Spatial localization data:
= Beginning of Section =
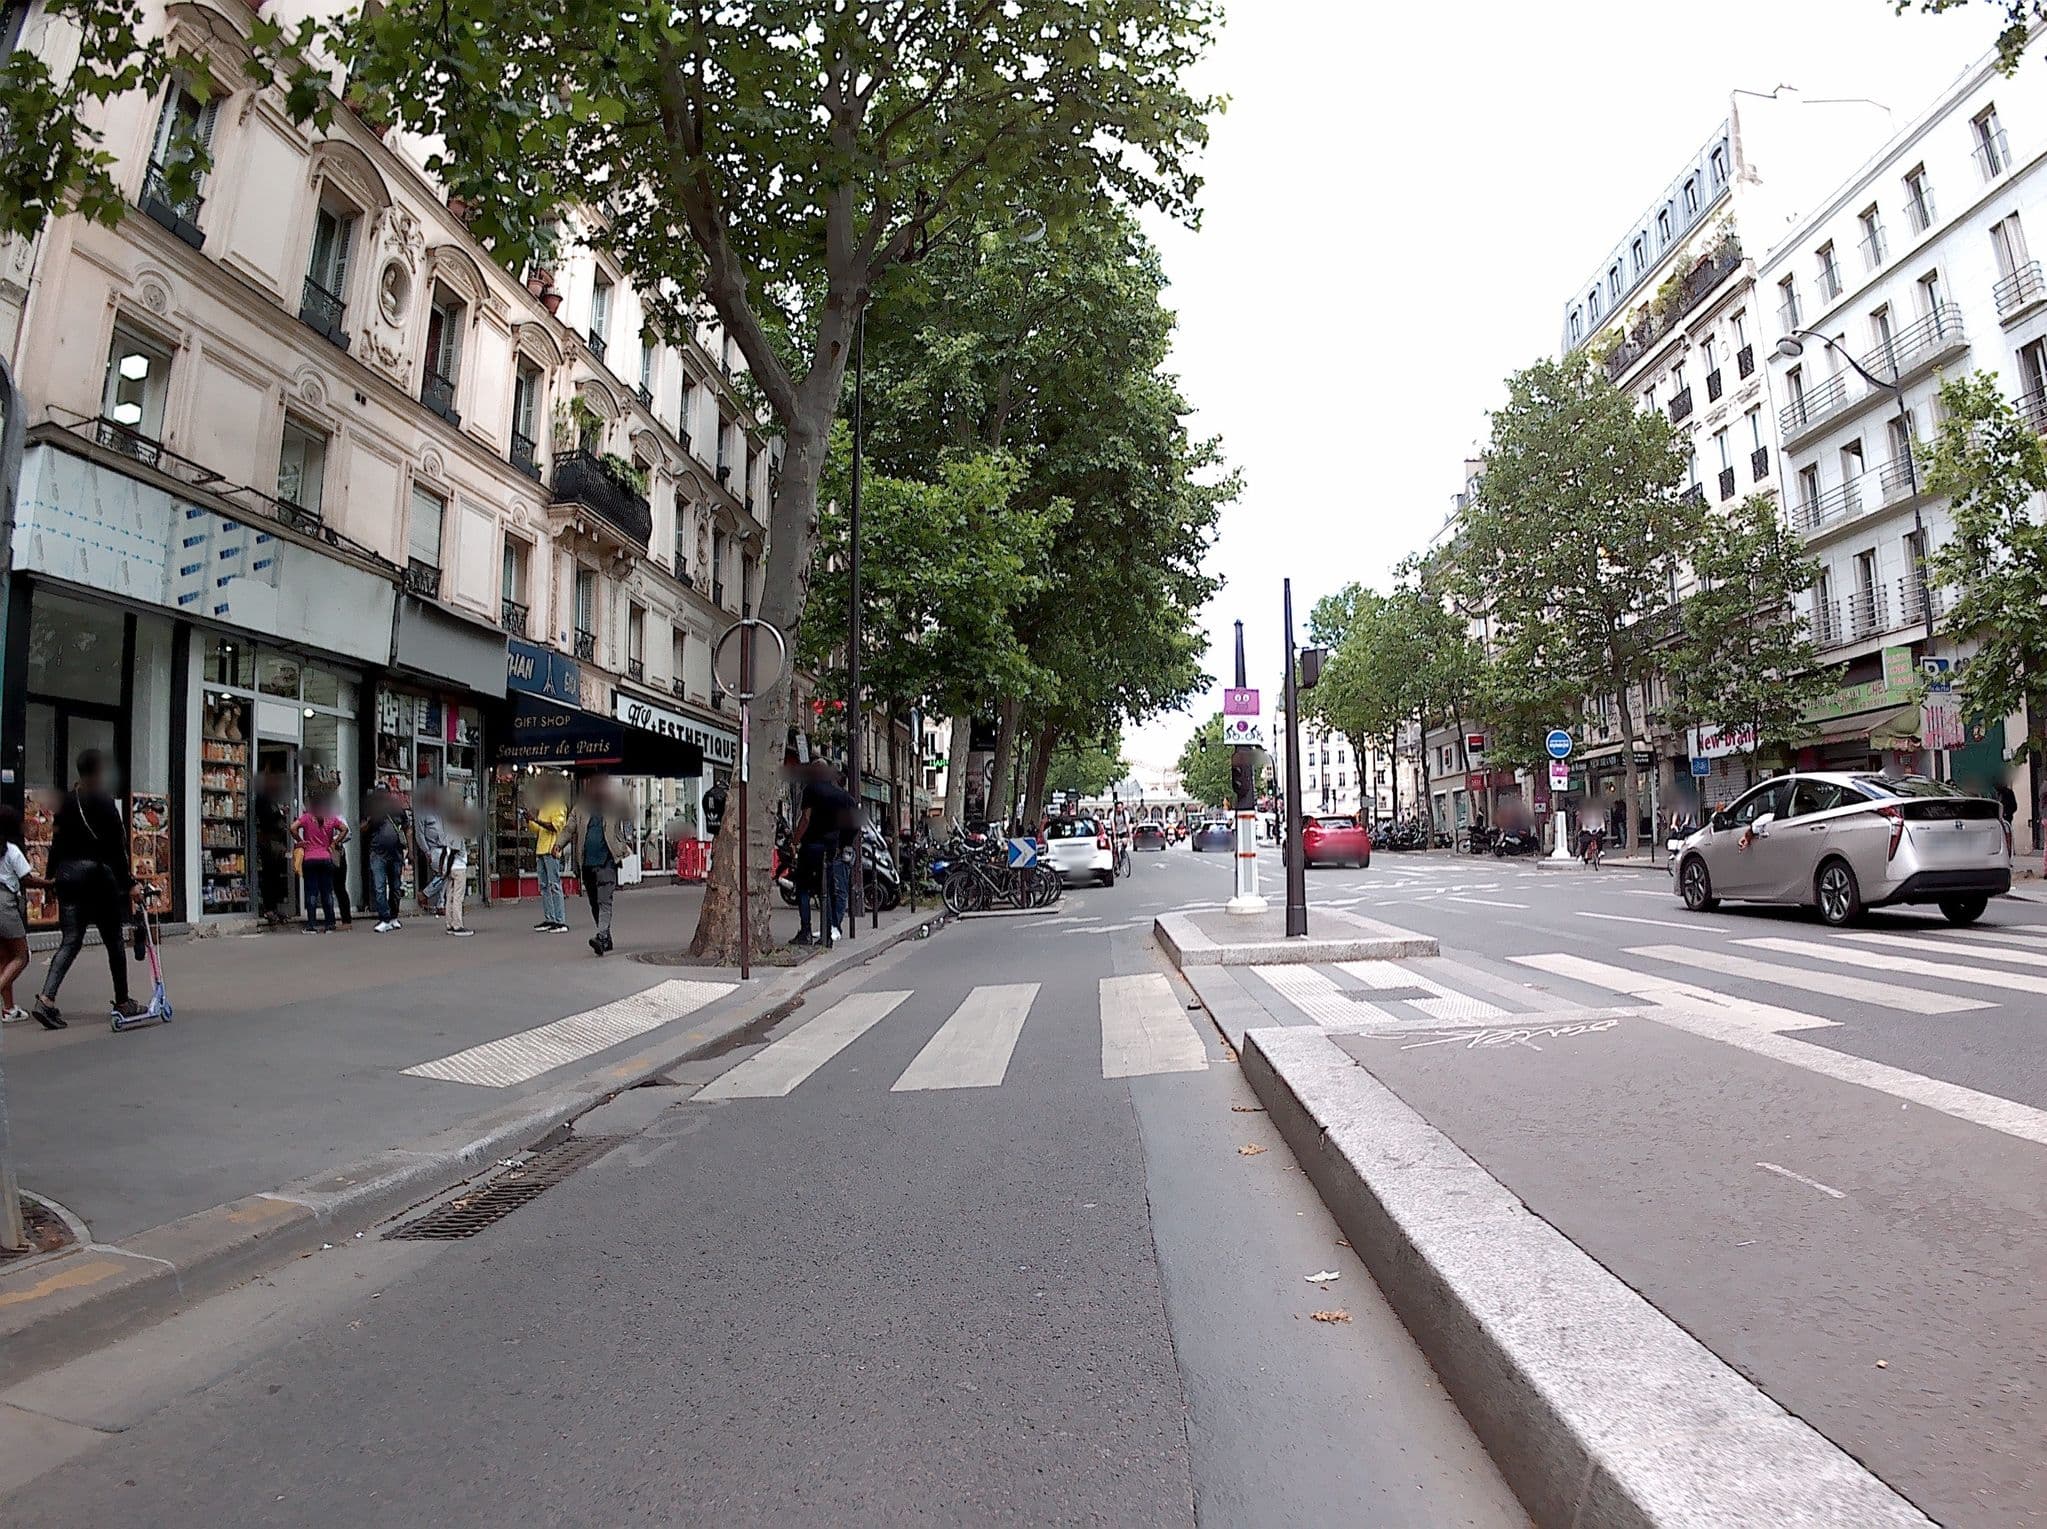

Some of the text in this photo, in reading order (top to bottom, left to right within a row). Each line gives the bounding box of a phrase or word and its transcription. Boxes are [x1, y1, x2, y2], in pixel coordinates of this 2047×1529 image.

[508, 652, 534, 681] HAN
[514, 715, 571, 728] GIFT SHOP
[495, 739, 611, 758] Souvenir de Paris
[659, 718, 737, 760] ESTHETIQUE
= End of Section =
__EXERCISE OBJECTIVE__. Retype every entry exactly as written. Leave the pictures out.

__EXERCISE RESULT__.
Some of the text in this photo, in reading order (top to bottom, left to right within a row). Each line gives the bounding box of a phrase or word and its transcription. Boxes are [x1, y1, x2, y2], in pixel coordinates of this 2047×1529 image.

[508, 652, 534, 681] HAN
[514, 715, 571, 728] GIFT SHOP
[495, 739, 611, 758] Souvenir de Paris
[659, 718, 737, 760] ESTHETIQUE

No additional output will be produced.